*Supplied material:*
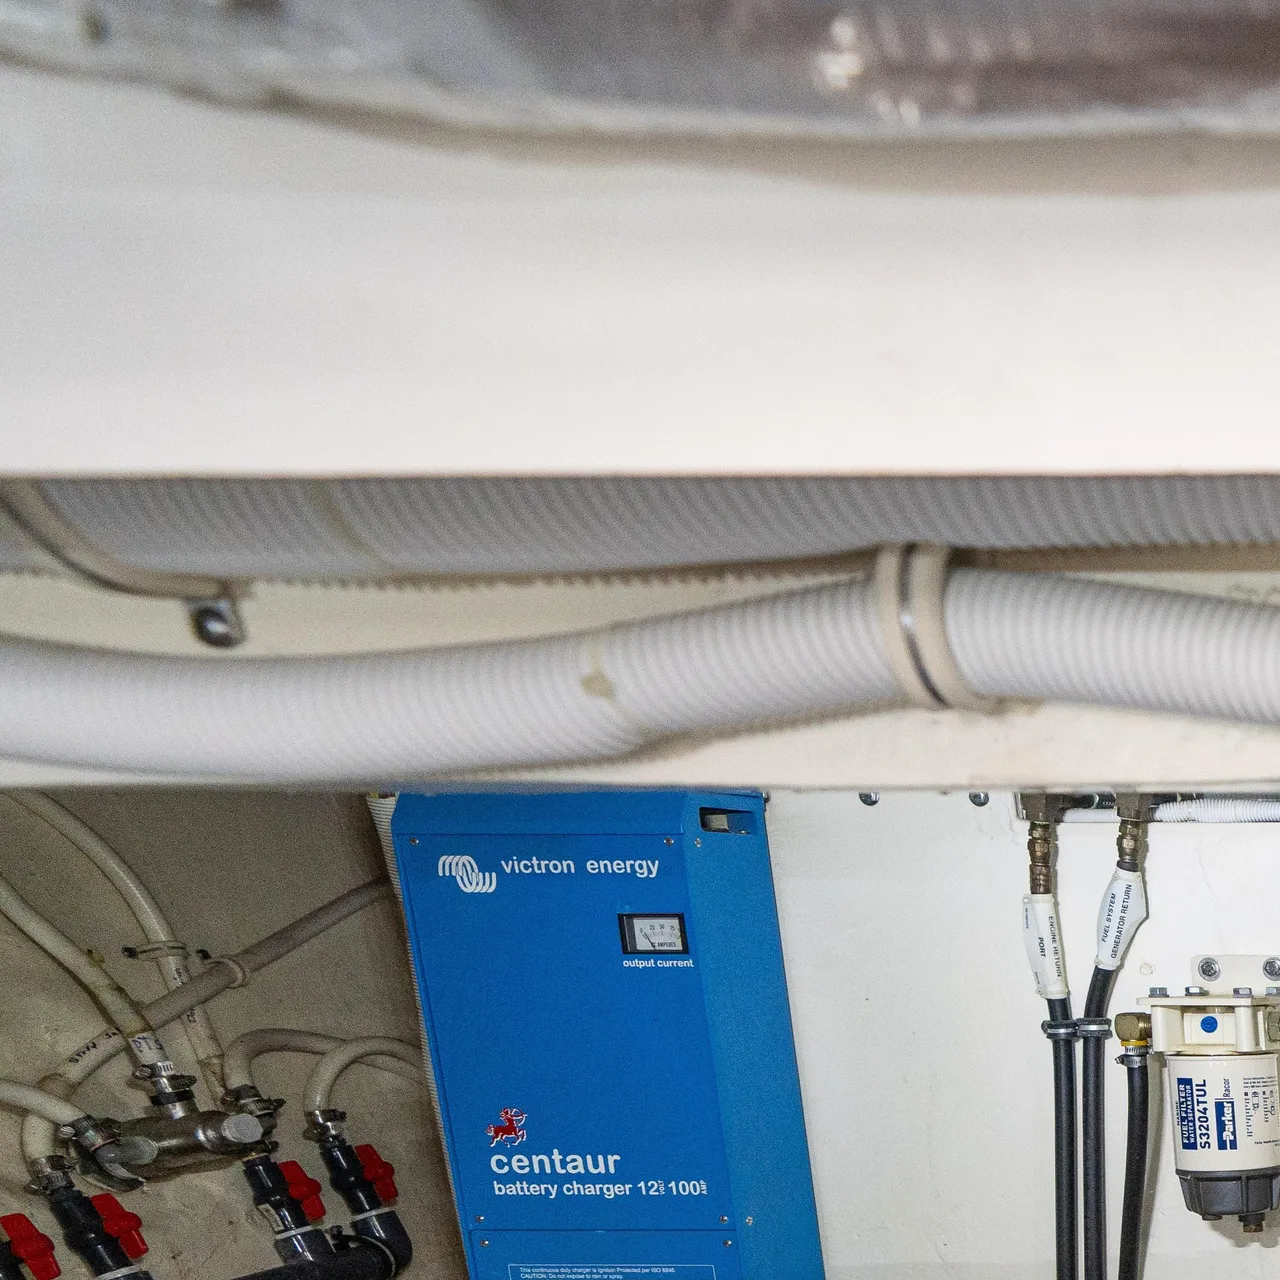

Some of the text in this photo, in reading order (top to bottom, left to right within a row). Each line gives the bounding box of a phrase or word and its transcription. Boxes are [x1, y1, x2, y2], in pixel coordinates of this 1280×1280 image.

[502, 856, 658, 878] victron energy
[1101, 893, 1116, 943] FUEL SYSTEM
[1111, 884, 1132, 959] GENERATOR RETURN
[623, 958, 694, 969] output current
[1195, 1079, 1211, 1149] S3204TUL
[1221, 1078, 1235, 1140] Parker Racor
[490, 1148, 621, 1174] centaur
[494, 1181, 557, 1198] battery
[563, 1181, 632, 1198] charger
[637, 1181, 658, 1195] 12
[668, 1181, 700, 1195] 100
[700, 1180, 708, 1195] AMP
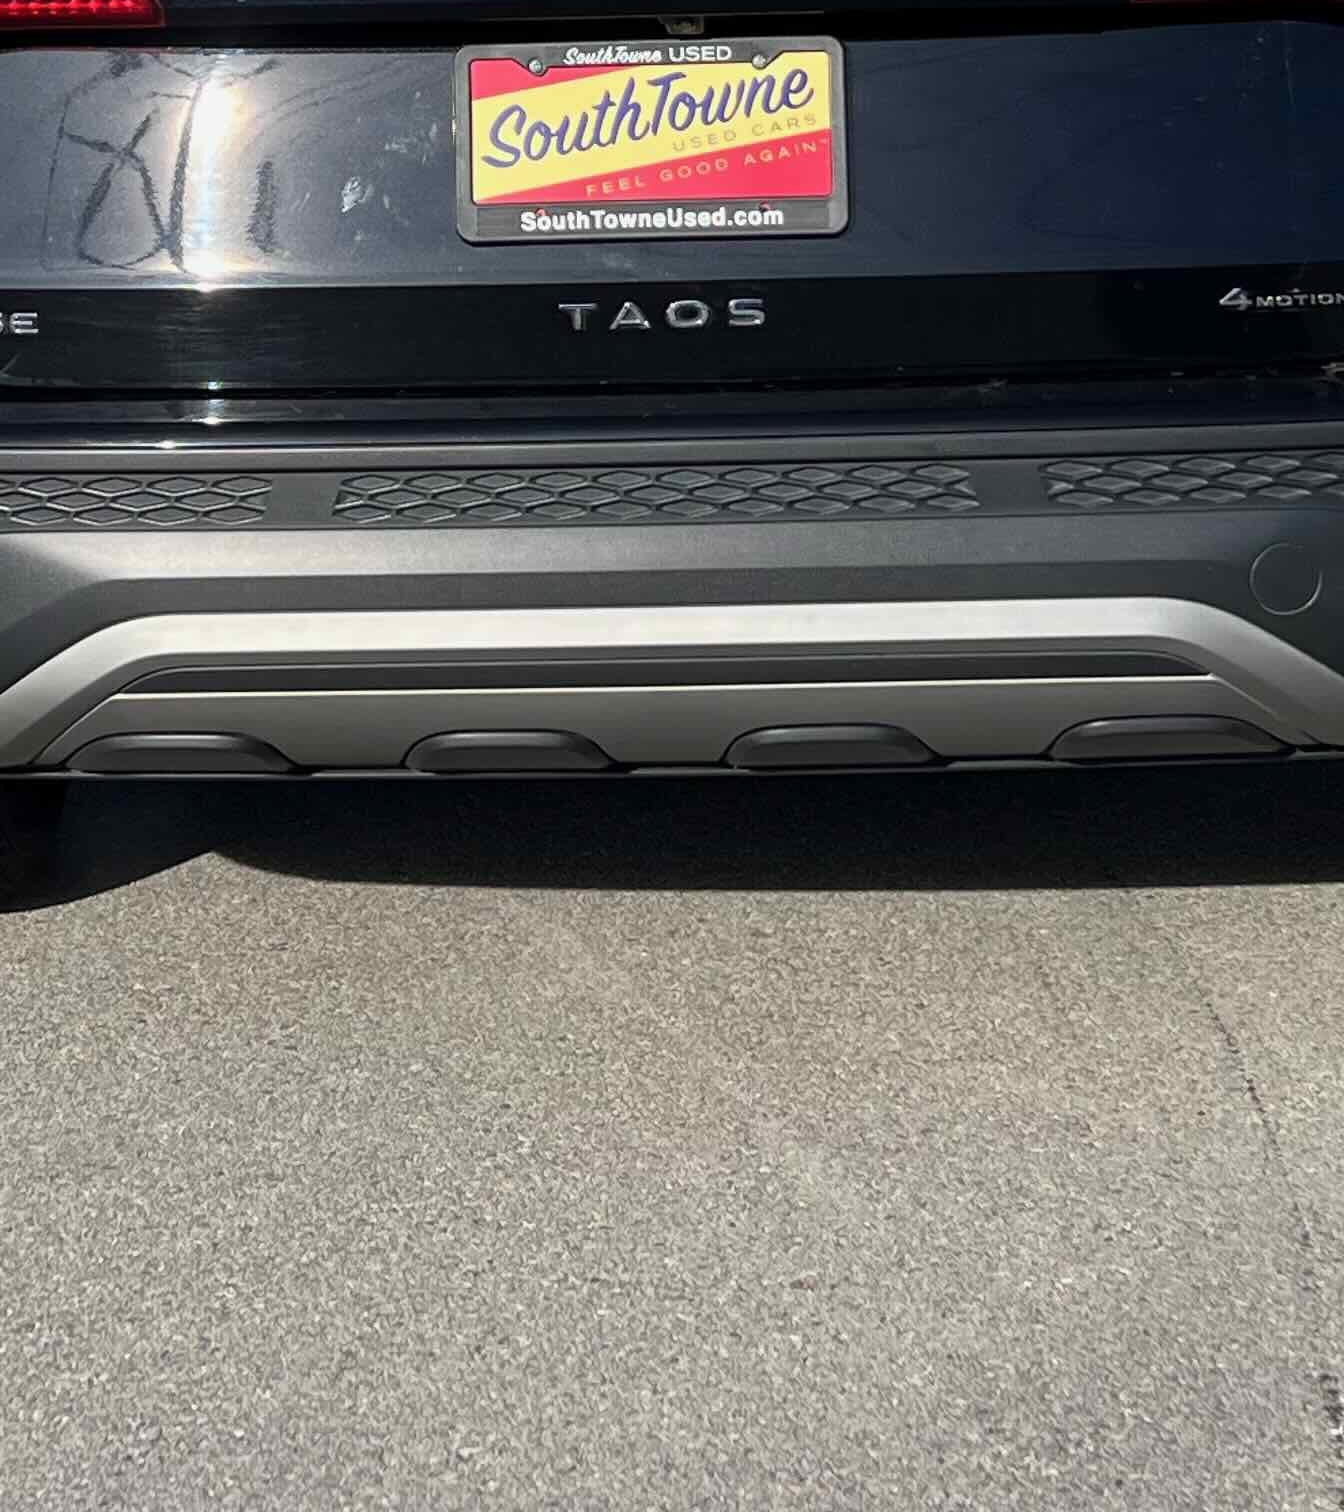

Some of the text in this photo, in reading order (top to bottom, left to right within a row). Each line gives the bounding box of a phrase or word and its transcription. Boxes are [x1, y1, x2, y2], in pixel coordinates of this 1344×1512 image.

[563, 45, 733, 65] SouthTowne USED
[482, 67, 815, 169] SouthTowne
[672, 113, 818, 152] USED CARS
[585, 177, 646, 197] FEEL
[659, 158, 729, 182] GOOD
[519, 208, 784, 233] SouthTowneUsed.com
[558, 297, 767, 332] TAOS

*What the task requires:* Would you output the data above exactly as written, but with no images?

*Task result:*
Some of the text in this photo, in reading order (top to bottom, left to right within a row). Each line gives the bounding box of a phrase or word and its transcription. Boxes are [x1, y1, x2, y2], in pixel coordinates of this 1280×1280 image.

[502, 856, 658, 878] victron energy
[1101, 893, 1116, 943] FUEL SYSTEM
[1111, 884, 1132, 959] GENERATOR RETURN
[623, 958, 694, 969] output current
[1195, 1079, 1211, 1149] S3204TUL
[1221, 1078, 1235, 1140] Parker Racor
[490, 1148, 621, 1174] centaur
[494, 1181, 557, 1198] battery
[563, 1181, 632, 1198] charger
[637, 1181, 658, 1195] 12
[668, 1181, 700, 1195] 100
[700, 1180, 708, 1195] AMP

Some of the text in this photo, in reading order (top to bottom, left to right within a row). Each line gives the bounding box of a phrase or word and its transcription. Boxes are [x1, y1, x2, y2], in pixel coordinates of this 1344×1512 image.

[563, 45, 733, 65] SouthTowne USED
[482, 67, 815, 169] SouthTowne
[672, 113, 818, 152] USED CARS
[585, 177, 646, 197] FEEL
[659, 158, 729, 182] GOOD
[519, 208, 784, 233] SouthTowneUsed.com
[558, 297, 767, 332] TAOS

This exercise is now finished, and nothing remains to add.